Voor zover er in de tenlastelegging kennelijke taal- en/of schrijffouten voorkomen, zijn die fouten verbeterd. Verdachte is daardoor niet in de verdediging geschaad.
Wat meer of anders is ten laste gelegd dan hiervoor bewezen is verklaard, is niet bewezen.
Verdachte zal daarvan worden vrijgesproken.

5.De kwalificatie van het bewezenverklaarde

Het bewezenverklaarde levert op:
ten aanzien van parketnummer 05-113007-21 (Harder)
feit 1:
medeplegen van opzettelijk handelen in strijd met een in artikel 3, onder B, van de Opiumwet gegeven verbod, terwijl het feit betrekking heeft op een grote hoeveelheid van het middel, meermalen gepleegd;
feit 3:
medeplegen van het voorhanden hebben van voorwerpen waarvan hij weet dat zij bestemd zijn tot het plegen van een van de in de artikelen 11, derde, vierde en vijfde lid, en 11a van de Opiumwet strafbaar gestelde feiten;
feit 4:
medeplegen van opzettelijk handelen in strijd met een in artikel 3, onder B, van de Opiumwet gegeven verbod, terwijl het feit betrekking heeft op een grote hoeveelheid van het middel, meermalen gepleegd;
feit 5:
medeplegen van opzettelijk handelen in strijd met een in artikel 3, onder B, van de Opiumwet gegeven verbod, meermalen gepleegd;
feit 6:
medeplegen van opzettelijk handelen in strijd met een in artikel 3, onder B, van de Opiumwet gegeven verbod, terwijl het feit betrekking heeft op een grote hoeveelheid van het middel, meermalen gepleegd;
feit 7:
medeplegen van opzettelijk handelen in strijd met een in artikel 3, onder B, van de Opiumwet gegeven verbod, terwijl het feit betrekking heeft op een grote hoeveelheid van het middel, meermalen gepleegd;
feit 8:
medeplegen van opzettelijk handelen in strijd met een in artikel 3, onder A, van de Opiumwet gegeven verbod, terwijl het feit betrekking heeft op een grote hoeveelheid van het middel;
feit 9:
het deelnemen aan een organisatie die tot oogmerk heeft het plegen van een misdrijf als bedoeld in de artikelen 11, derde, vierde en vijfde lid en 11a van de Opiumwet.
ten aanzien van parketnummer 05-282569-21 (Merwede)
een feit, bedoeld in het vierde of vijfde lid van artikel 10 Opiumwet, voorbereiden of bevorderen, door voorwerpen en stoffen voorhanden te hebben waarvan hij weet dat zij bestemd zijn tot het plegen van dat feit.

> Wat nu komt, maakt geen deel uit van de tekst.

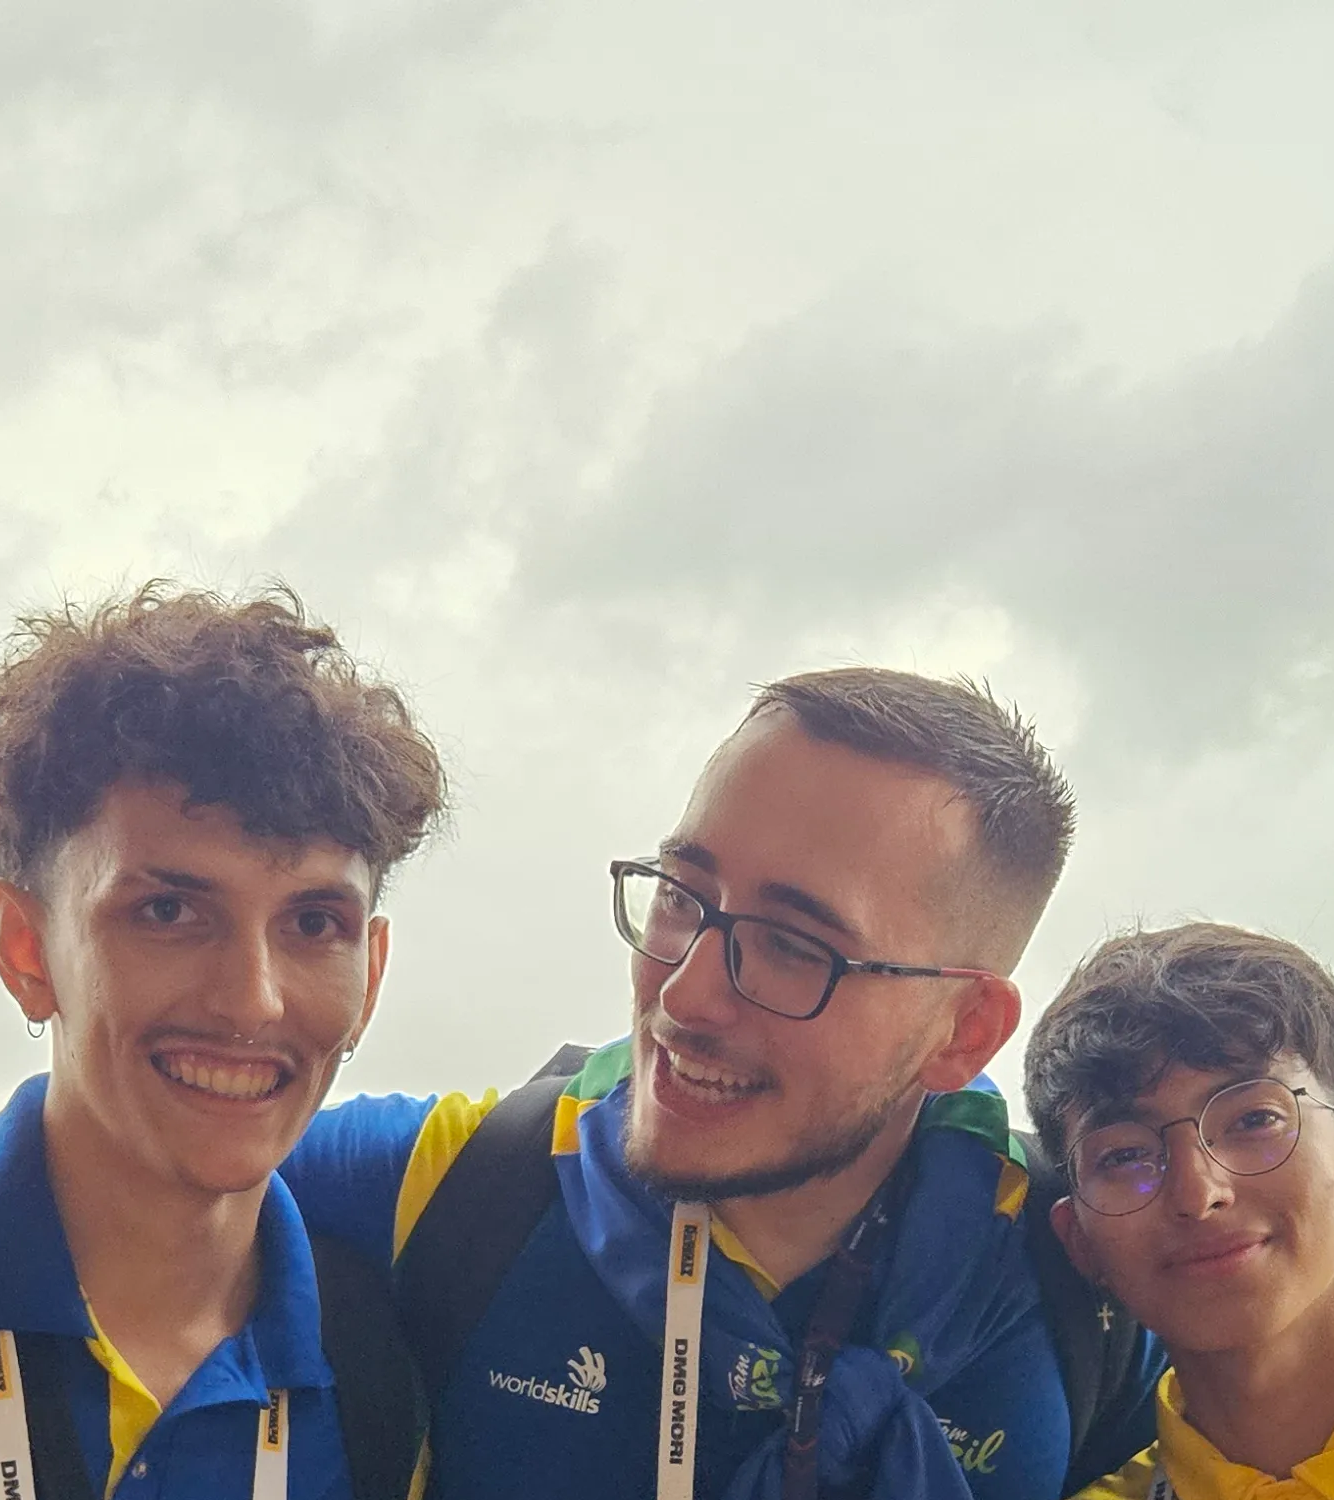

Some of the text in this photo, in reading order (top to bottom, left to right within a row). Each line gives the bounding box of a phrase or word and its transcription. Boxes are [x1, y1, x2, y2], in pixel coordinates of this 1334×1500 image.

[489, 1368, 601, 1415] worldskills
[670, 1338, 688, 1466] DMG MORI

6.De strafbaarheid van de feiten

De feiten zijn strafbaar.

7.De strafbaarheid van de verdachte

Verdachte is strafbaar, nu geen omstandigheid is gebleken of aannemelijk is geworden die de strafbaarheid van verdachte uitsluit.

8.De overwegingen ten aanzien van straf en/of maatregel

Het standpunt van de officier van justitie
De officier van justitie heeft gevorderd dat verdachte zal worden veroordeeld tot een gevangenisstraf voor de duur van 6 jaren. Daarnaast heeft de officier van justitie gevorderd dat de schorsing van de voorlopige hechtenis wordt opgeheven.
Het standpunt van de verdediging
De raadsman heeft bepleit dat de geëiste straf niet passend is, gelet op de straffen die door rechtbanken in vergelijkbare zaken zijn opgelegd. De raadsman heeft daarnaast primair verzocht de voorlopige hechtenis op te heffen. Subsidiair is verzocht de schorsingsvoorwaarden te wijzigen door de voorwaarde van elektronisch toezicht te schrappen.
De beoordeling door de rechtbank
De rechtbank heeft bij de bepaling van de op te leggen straf rekening gehouden met de aard en de ernst van hetgeen bewezen is verklaard en de omstandigheden waaronder dit is begaan. De rechtbank heeft verder rekening gehouden met de persoon en de omstandigheden van verdachte.
[verdachte] heeft zich schuldig gemaakt aan deelname aan een criminele organisatie, die hennepteelt tot oogmerk had. Binnen deze organisatie had [verdachte] een aansturende rol. Hij was verantwoordelijk voor de dagelijkse aansturing van verschillende hennepkwekerijen. Samen met anderen heeft verdachte zich in dit georganiseerde verband schuldig gemaakt aan het meerdere malen telen van grote hoeveelheden hennep in vijf hennepkwekerijen en voorbereidingshandelingen voor hennepteelt. Daarnaast was hij samen met anderen betrokken bij een drugstransport van ruim drie kilo hennep naar Duitsland.
[verdachte] heeft hiermee een bijdrage geleverd aan de instandhouding van het criminele drugscircuit. Dat is kwalijk, omdat het gebruik van hennep gezondheidsrisico’ s met zich brengt en de handel in hennep vaak gepaard gaat met vele andere vormen van criminaliteit. Hiervan ondervindt de samenleving de negatieve gevolgen.
Daarnaast was [verdachte] eigenaar van een drugslaboratorium dat was ingericht voor de vervaardiging van amfetamine. Daarmee heeft hij zich schuldig gemaakt aan voorbereidingshandelingen voor de bereiding daarvan. Amfetamine is een harddrug die schadelijk is voor de volksgezondheid. Bovendien is het middel zeer verslavend. Het gebruik ervan levert niet alleen gezondheidsproblemen op, maar is ook ontwrichtend voor de samenleving. De productie van drugs in een laboratorium als het onderhavige brengt doorgaans gevaar voor de directe omgeving en het illegaal lozen van schadelijke stoffen met zich. De productie en verkoop van harddrugs gaat bovendien vaak gepaard met andere vormen van zware, georganiseerde criminaliteit, met ook hier alle negatieve gevolgen voor de samenleving van dien.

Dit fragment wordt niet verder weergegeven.